Pada paruh pertama abad ke-17, filsafat mekanikal René Descartes mendorong pemakaian metafora alam semesta sebagai mesin, sebuah konsep yang akan mengkarakterisasikan revolusi saintifik.[38] Antara 1650 dan 1800, beberapa naturalis, seperti Benoît de Maillet, membuat teori-teori yang menyatakan bahwa alam semesta, Bumi dan kehidupan berkembang secara mekanis, tanpa campur tangan ilahi.[39] Sebaliknya, kebanyakan pakar teori evolusi kontemporer, seperti Gottfried Leibniz dan Johann Gottfried Herder, menganggap evolusi sebagai proses spiritual secara fundamental.[40] Pada 1751, Pierre Louis Maupertuis memajukan dasar yang lebih materialis. Ia menulis modifikasi alami yang terjadi pada reproduksi dan akumulasi atas beberapa generasi, memproduksi ras dan bahkan spesies baru, sebuah deskripsi yang mempelopori istilah umum dari konsep seleksi alam.[41]

Gagasan Maupertuis berada dalam penentangan terhadap pengaruh para pakar taksonomi awal seperti John Ray. Pada akhir abad ke-17, Ray memberikan definisi formal resmi dari spesies biologi, yang ia deskripsikan terkarakterisasi oleh tampilan-tampilan esensial dan tak berubah, dan menyatakan bahwa benih satu spesies tak dapat diberikan ke yang lainnya.[10] Gagasan Ray dan pakar taksonomi lain dari abad ke-17 dipengaruhi oleh teologi alam dan argumen dari rancangan tersebut.[42]

Kata evolusi (dari kata Latin evolutio, artinya "tak menggulung seperti gulungan") awalnya dipakai untuk merujuk kepada pengembangan embriologi; pemakaian pertamanya dalam hubungan dengan pengembangan spesies muncul pada 1762, saat Charles Bonnet memakainya untuk konsep "pra-formasi," dimana betina memegang bentuk miniatur dari seluruh generasi mendatang. Istilah tersebut secara bertahap berkembang ke pengartian yang lebih umum dari pertumbuhan atau pengembangan progresif.[43]

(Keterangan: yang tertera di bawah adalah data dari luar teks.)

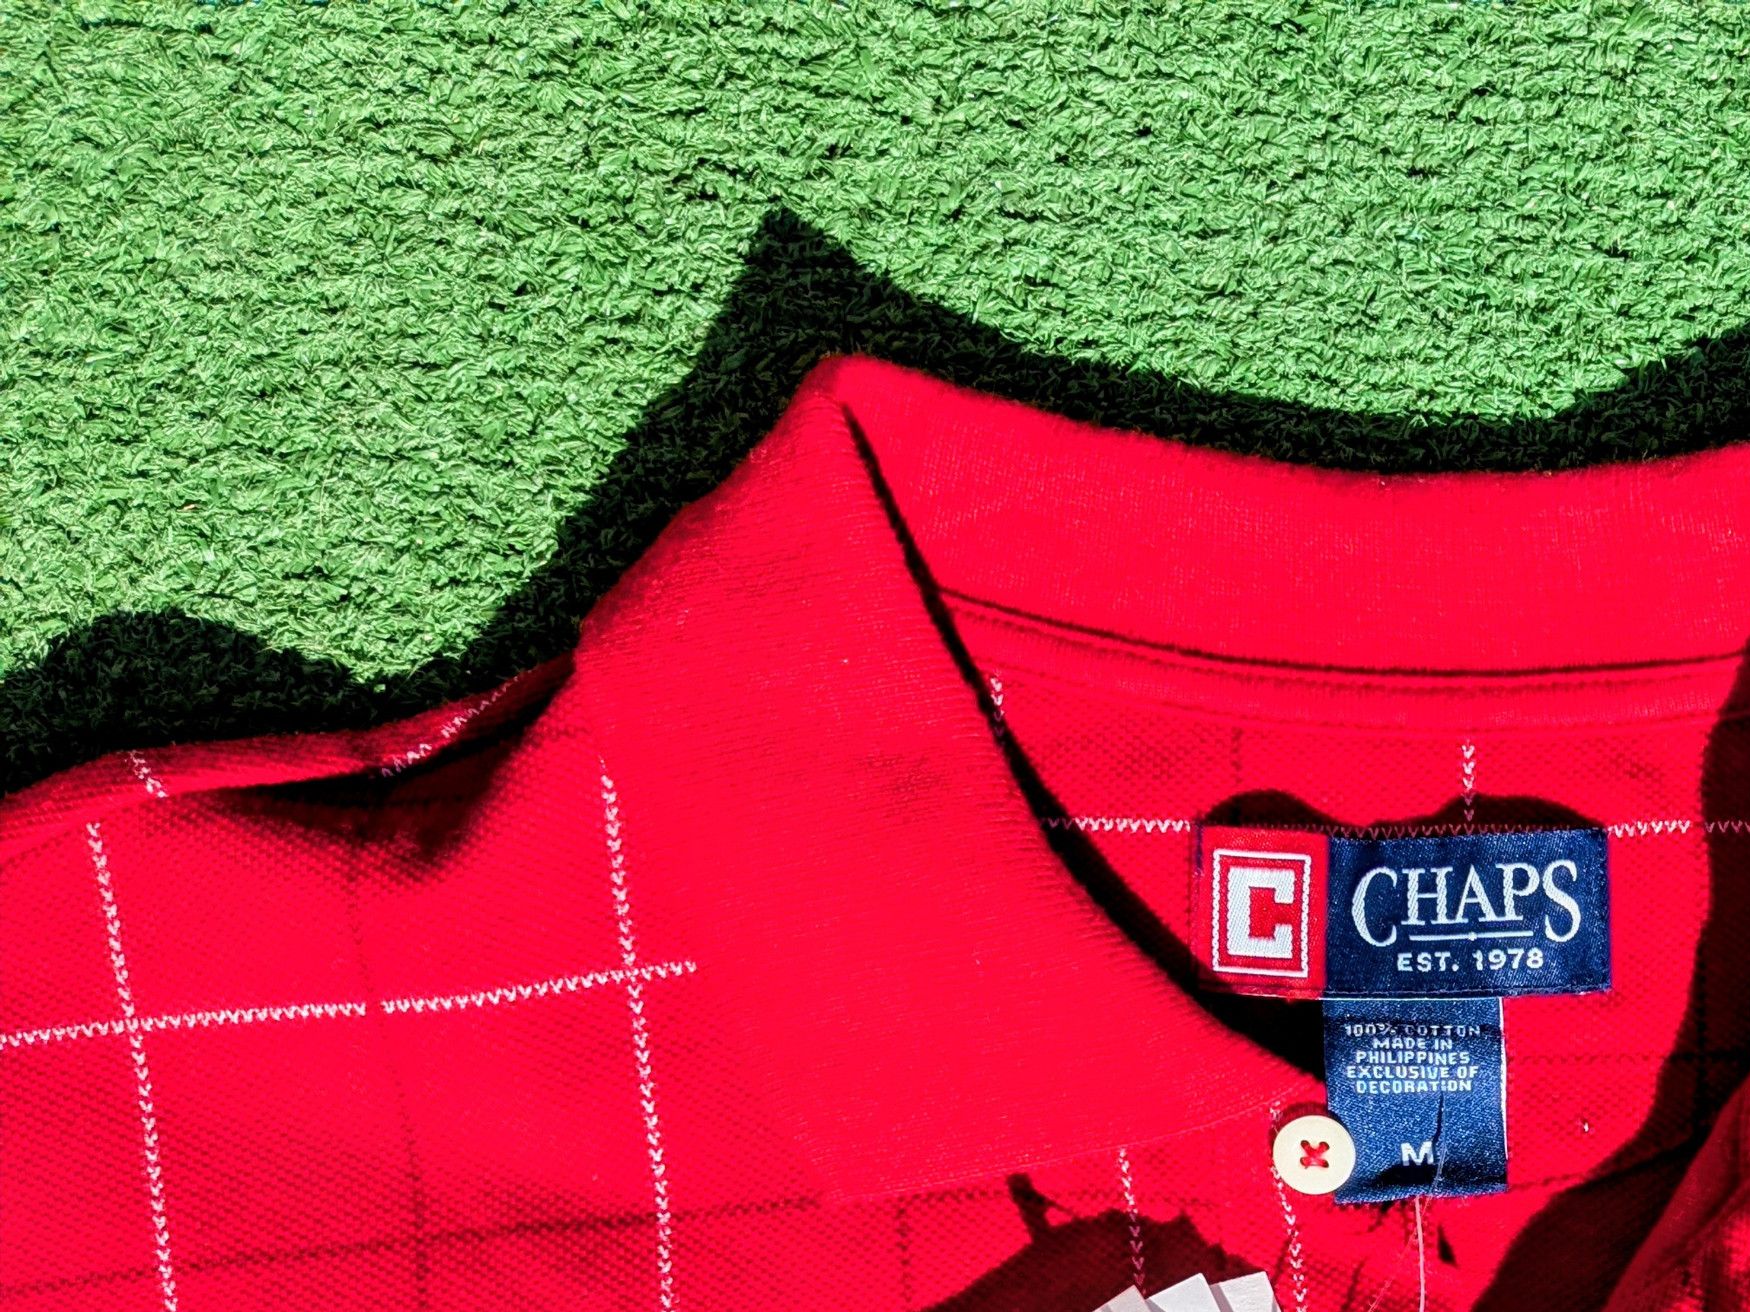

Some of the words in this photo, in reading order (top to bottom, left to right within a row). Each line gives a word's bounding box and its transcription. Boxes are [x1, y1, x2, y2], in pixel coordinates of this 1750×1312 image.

[1351, 859, 1582, 948] CHAPS
[1227, 867, 1295, 958] C
[1397, 951, 1460, 972] EST.
[1472, 948, 1544, 971] 1978
[1345, 1022, 1398, 1037] 100%
[1404, 1024, 1481, 1038] COTTON
[1372, 1037, 1427, 1050] MADE
[1434, 1038, 1453, 1051] IN
[1355, 1051, 1471, 1065] PHILIPPINES
[1346, 1065, 1450, 1079] EXCLUSIVE
[1456, 1065, 1479, 1079] OF
[1356, 1080, 1473, 1094] DECORATION
[1401, 1141, 1435, 1167] M

Kemudian pada abad ke-18, filsuf Perancis Georges-Louis Leclerc, Comte de Buffon, salah satu naturalis utama pada masa itu, berpendapat bahwa kebanyakan orang menyebut spesies benar-benar beragam, termodifikasi dari bentuk asli oleh faktor lingkungan. Contohnya, ia meyakini bahwa singa, harimau, elang dan kucing rumah semuanya memiliki leluhur umum. Ia kemudian menyatakan bahwa 200 spesies mamalia atau lebih kemudian diketahui diturunkan dari setidaknya 38 bentuk hewan asli. Gagasan evolusi Buffon terbatas; ia meyakini bahwa setiap bentuk asli berkembang melalui generasi spontan dan masing-masing terbentuk oleh "modul-modul internal" yang membatasi sejumlah perubahan. Karya-karya Buffon, Histoire naturelle (1749–1789) dan Époques de la nature (1778), yang berisi teori-teori yang dikembangkan tentang asal muasal yang sepenuhnya materialistik untuk Bumi dan gagasannya mempertanyakan ketetapan spesies, sangat berpengaruh.[44][45]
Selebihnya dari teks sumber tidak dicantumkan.